# Directions
Apart from the pictures, which must be omitted, restate the data exactly.

# Source records
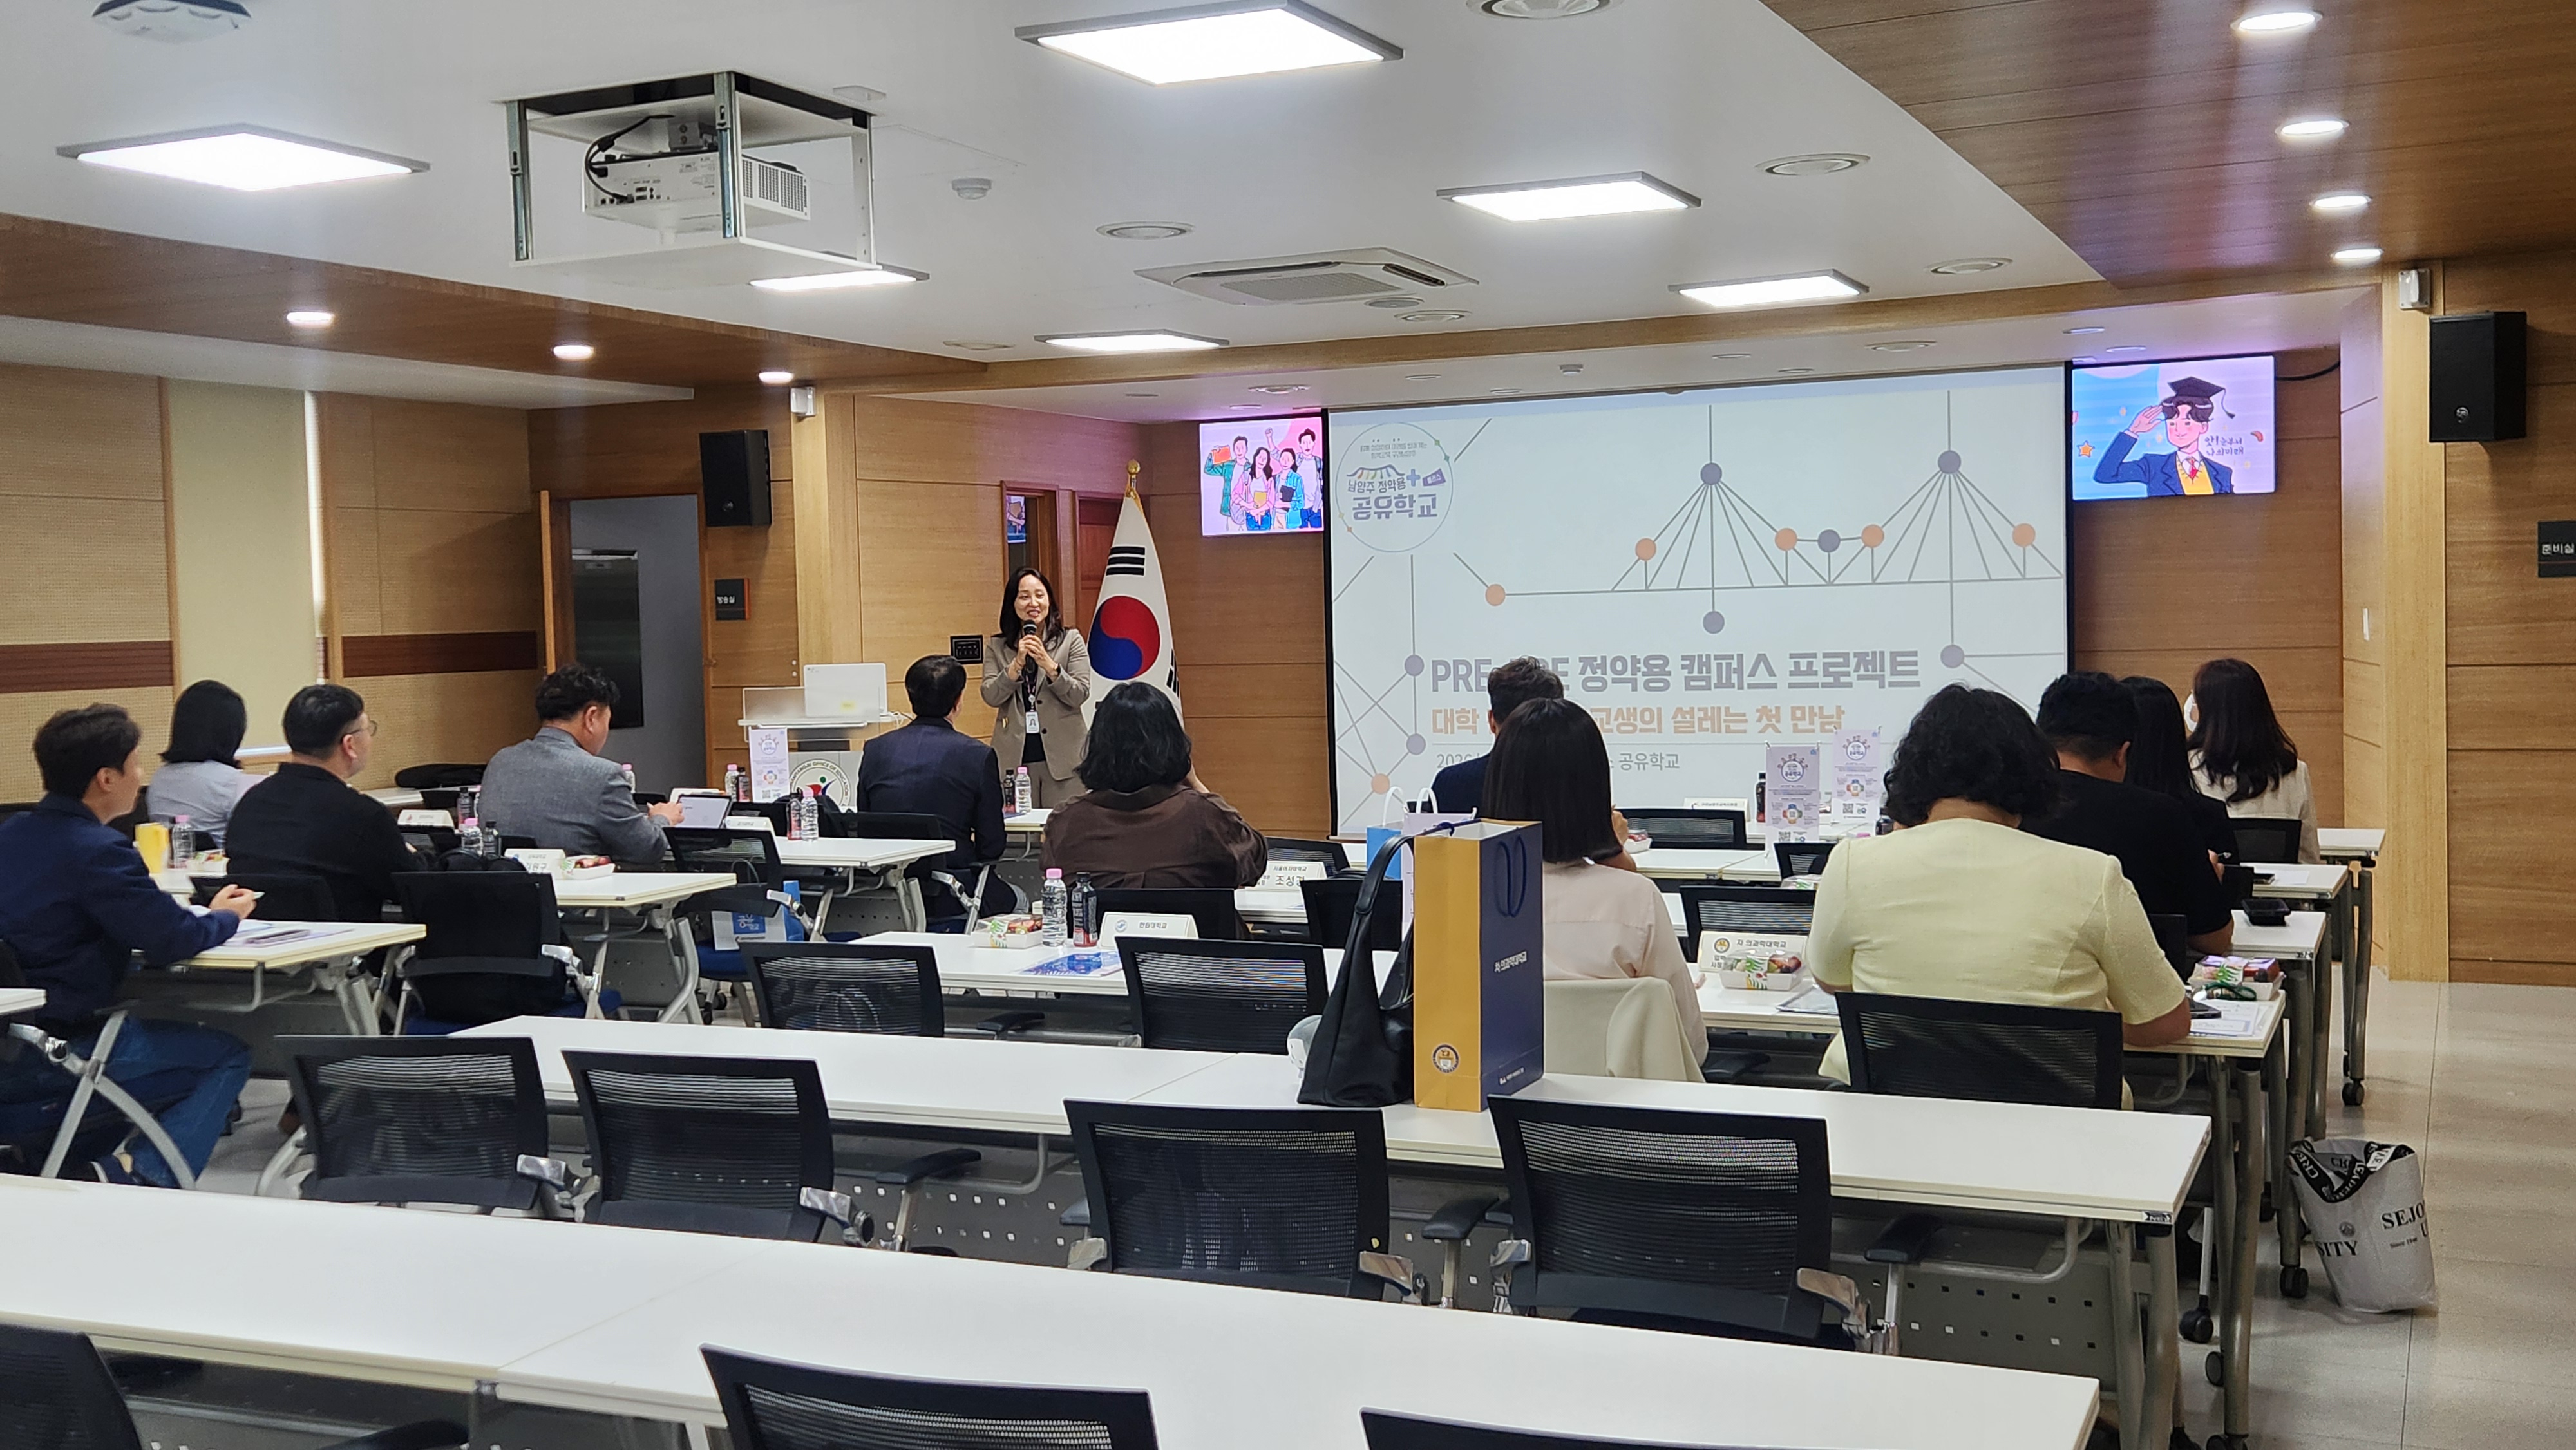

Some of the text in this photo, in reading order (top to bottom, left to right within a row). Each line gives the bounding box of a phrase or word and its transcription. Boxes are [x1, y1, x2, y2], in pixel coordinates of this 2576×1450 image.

[1348, 476, 1406, 494] 남양주 정약용
[1352, 493, 1438, 521] 공유학교
[2541, 543, 2575, 555] 준비실
[1431, 658, 1492, 693] PRE
[1578, 654, 1672, 693] 정약용
[1680, 653, 1778, 692] 캠퍼스
[1787, 650, 1922, 690] 프로젝트
[1432, 708, 1480, 735] 대학
[1671, 706, 1749, 734] 설레는
[1755, 705, 1782, 734] 첫
[1790, 705, 1846, 734] 만남
[1618, 751, 1680, 771] 공유학교
[2382, 1200, 2425, 1229] SEJO
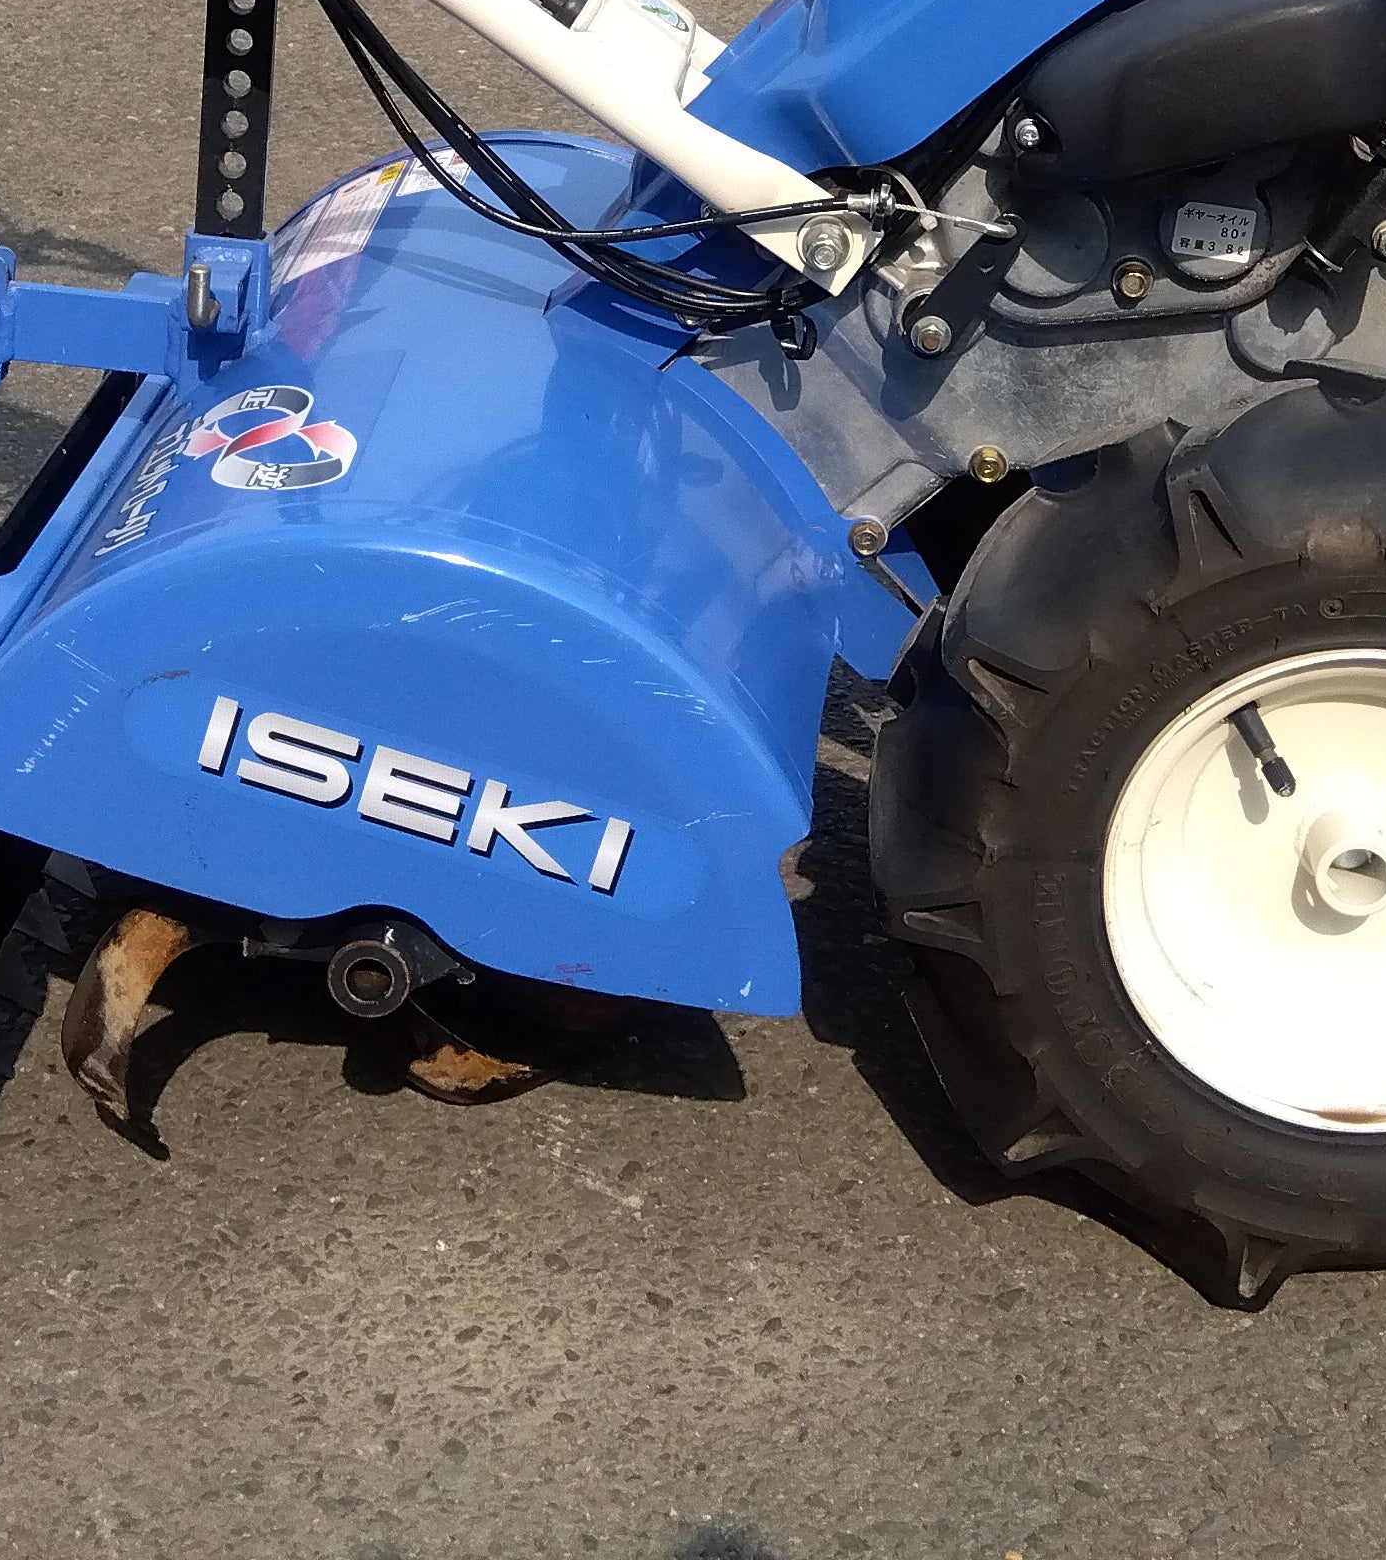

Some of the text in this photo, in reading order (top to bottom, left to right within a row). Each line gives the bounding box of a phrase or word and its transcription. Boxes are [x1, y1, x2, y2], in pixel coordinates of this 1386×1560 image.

# Response
Some of the text in this photo, in reading order (top to bottom, left to right within a row). Each line gives the bounding box of a phrase or word and its transcription. Boxes are [x1, y1, x2, y2], in pixel coordinates of this 2576×1450 image.

[1348, 476, 1406, 494] 남양주 정약용
[1352, 493, 1438, 521] 공유학교
[2541, 543, 2575, 555] 준비실
[1431, 658, 1492, 693] PRE
[1578, 654, 1672, 693] 정약용
[1680, 653, 1778, 692] 캠퍼스
[1787, 650, 1922, 690] 프로젝트
[1432, 708, 1480, 735] 대학
[1671, 706, 1749, 734] 설레는
[1755, 705, 1782, 734] 첫
[1790, 705, 1846, 734] 만남
[1618, 751, 1680, 771] 공유학교
[2382, 1200, 2425, 1229] SEJO

Some of the text in this photo, in reading order (top to bottom, left to right within a row). Each line gives the bounding box of a phrase or word and its transcription. Boxes are [x1, y1, x2, y2], in pixel coordinates of this 1386×1560 image.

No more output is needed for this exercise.